Problem to solve >> The task calls for every line of the data to be repeated exactly.

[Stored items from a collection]
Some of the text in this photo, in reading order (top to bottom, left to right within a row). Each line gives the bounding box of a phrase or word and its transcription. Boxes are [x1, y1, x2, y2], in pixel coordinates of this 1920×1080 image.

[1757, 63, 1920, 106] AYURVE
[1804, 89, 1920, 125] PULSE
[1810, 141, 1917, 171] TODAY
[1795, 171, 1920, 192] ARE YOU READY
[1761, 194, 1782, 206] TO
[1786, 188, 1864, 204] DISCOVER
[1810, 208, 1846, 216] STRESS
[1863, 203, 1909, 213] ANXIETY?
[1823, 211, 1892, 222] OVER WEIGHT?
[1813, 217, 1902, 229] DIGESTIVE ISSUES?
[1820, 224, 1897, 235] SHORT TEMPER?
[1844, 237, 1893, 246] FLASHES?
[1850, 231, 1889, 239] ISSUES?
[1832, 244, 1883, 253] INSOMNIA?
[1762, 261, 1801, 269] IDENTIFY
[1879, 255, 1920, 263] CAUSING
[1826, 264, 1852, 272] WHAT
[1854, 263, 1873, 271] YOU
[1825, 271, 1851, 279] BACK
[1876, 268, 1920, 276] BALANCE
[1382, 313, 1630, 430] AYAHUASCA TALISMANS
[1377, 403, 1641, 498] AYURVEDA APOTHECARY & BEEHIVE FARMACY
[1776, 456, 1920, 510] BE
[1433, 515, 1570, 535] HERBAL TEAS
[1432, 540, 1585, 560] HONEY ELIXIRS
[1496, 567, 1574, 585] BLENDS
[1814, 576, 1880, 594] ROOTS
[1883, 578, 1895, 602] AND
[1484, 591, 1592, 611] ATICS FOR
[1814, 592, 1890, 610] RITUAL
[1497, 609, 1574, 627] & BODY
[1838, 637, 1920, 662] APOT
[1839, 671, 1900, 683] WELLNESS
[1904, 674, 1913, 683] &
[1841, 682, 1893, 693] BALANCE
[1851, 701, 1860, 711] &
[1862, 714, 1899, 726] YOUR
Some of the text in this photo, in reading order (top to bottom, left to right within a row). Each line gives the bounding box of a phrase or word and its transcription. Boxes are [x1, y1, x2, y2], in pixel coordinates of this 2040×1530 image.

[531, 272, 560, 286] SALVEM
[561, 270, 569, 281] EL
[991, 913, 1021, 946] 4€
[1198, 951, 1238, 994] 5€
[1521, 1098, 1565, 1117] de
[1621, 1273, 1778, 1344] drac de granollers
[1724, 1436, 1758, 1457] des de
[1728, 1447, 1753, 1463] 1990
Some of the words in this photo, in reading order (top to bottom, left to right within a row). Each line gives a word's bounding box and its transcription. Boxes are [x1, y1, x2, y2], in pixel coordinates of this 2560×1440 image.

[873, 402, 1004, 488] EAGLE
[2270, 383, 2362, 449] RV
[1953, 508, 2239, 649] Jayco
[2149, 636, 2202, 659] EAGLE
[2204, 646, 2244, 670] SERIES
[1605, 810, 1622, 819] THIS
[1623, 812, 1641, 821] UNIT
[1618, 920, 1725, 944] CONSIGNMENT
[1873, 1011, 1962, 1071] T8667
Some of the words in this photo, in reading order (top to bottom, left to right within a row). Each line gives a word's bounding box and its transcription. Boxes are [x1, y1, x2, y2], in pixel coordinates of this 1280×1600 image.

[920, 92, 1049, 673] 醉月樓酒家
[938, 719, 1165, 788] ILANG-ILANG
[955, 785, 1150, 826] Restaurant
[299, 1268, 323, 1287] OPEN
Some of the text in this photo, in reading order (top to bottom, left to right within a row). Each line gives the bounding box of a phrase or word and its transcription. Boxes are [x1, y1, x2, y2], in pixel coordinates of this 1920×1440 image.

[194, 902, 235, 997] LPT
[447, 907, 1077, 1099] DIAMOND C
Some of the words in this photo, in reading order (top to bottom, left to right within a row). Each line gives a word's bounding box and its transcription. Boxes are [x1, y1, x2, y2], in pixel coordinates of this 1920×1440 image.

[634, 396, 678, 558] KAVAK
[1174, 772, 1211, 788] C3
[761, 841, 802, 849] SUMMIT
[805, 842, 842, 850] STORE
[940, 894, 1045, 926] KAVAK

Result of the task >>
Some of the text in this photo, in reading order (top to bottom, left to right within a row). Each line gives the bounding box of a phrase or word and its transcription. Boxes are [x1, y1, x2, y2], in pixel coordinates of this 1920×1080 image.

[1757, 63, 1920, 106] AYURVE
[1804, 89, 1920, 125] PULSE
[1810, 141, 1917, 171] TODAY
[1795, 171, 1920, 192] ARE YOU READY
[1761, 194, 1782, 206] TO
[1786, 188, 1864, 204] DISCOVER
[1810, 208, 1846, 216] STRESS
[1863, 203, 1909, 213] ANXIETY?
[1823, 211, 1892, 222] OVER WEIGHT?
[1813, 217, 1902, 229] DIGESTIVE ISSUES?
[1820, 224, 1897, 235] SHORT TEMPER?
[1844, 237, 1893, 246] FLASHES?
[1850, 231, 1889, 239] ISSUES?
[1832, 244, 1883, 253] INSOMNIA?
[1762, 261, 1801, 269] IDENTIFY
[1879, 255, 1920, 263] CAUSING
[1826, 264, 1852, 272] WHAT
[1854, 263, 1873, 271] YOU
[1825, 271, 1851, 279] BACK
[1876, 268, 1920, 276] BALANCE
[1382, 313, 1630, 430] AYAHUASCA TALISMANS
[1377, 403, 1641, 498] AYURVEDA APOTHECARY & BEEHIVE FARMACY
[1776, 456, 1920, 510] BE
[1433, 515, 1570, 535] HERBAL TEAS
[1432, 540, 1585, 560] HONEY ELIXIRS
[1496, 567, 1574, 585] BLENDS
[1814, 576, 1880, 594] ROOTS
[1883, 578, 1895, 602] AND
[1484, 591, 1592, 611] ATICS FOR
[1814, 592, 1890, 610] RITUAL
[1497, 609, 1574, 627] & BODY
[1838, 637, 1920, 662] APOT
[1839, 671, 1900, 683] WELLNESS
[1904, 674, 1913, 683] &
[1841, 682, 1893, 693] BALANCE
[1851, 701, 1860, 711] &
[1862, 714, 1899, 726] YOUR
Some of the text in this photo, in reading order (top to bottom, left to right within a row). Each line gives the bounding box of a phrase or word and its transcription. Boxes are [x1, y1, x2, y2], in pixel coordinates of this 2040×1530 image.

[531, 272, 560, 286] SALVEM
[561, 270, 569, 281] EL
[991, 913, 1021, 946] 4€
[1198, 951, 1238, 994] 5€
[1521, 1098, 1565, 1117] de
[1621, 1273, 1778, 1344] drac de granollers
[1724, 1436, 1758, 1457] des de
[1728, 1447, 1753, 1463] 1990
Some of the words in this photo, in reading order (top to bottom, left to right within a row). Each line gives a word's bounding box and its transcription. Boxes are [x1, y1, x2, y2], in pixel coordinates of this 2560×1440 image.

[873, 402, 1004, 488] EAGLE
[2270, 383, 2362, 449] RV
[1953, 508, 2239, 649] Jayco
[2149, 636, 2202, 659] EAGLE
[2204, 646, 2244, 670] SERIES
[1605, 810, 1622, 819] THIS
[1623, 812, 1641, 821] UNIT
[1618, 920, 1725, 944] CONSIGNMENT
[1873, 1011, 1962, 1071] T8667
Some of the words in this photo, in reading order (top to bottom, left to right within a row). Each line gives a word's bounding box and its transcription. Boxes are [x1, y1, x2, y2], in pixel coordinates of this 1280×1600 image.

[920, 92, 1049, 673] 醉月樓酒家
[938, 719, 1165, 788] ILANG-ILANG
[955, 785, 1150, 826] Restaurant
[299, 1268, 323, 1287] OPEN
Some of the text in this photo, in reading order (top to bottom, left to right within a row). Each line gives the bounding box of a phrase or word and its transcription. Boxes are [x1, y1, x2, y2], in pixel coordinates of this 1920×1440 image.

[194, 902, 235, 997] LPT
[447, 907, 1077, 1099] DIAMOND C
Some of the words in this photo, in reading order (top to bottom, left to right within a row). Each line gives a word's bounding box and its transcription. Boxes are [x1, y1, x2, y2], in pixel coordinates of this 1920×1440 image.

[634, 396, 678, 558] KAVAK
[1174, 772, 1211, 788] C3
[761, 841, 802, 849] SUMMIT
[805, 842, 842, 850] STORE
[940, 894, 1045, 926] KAVAK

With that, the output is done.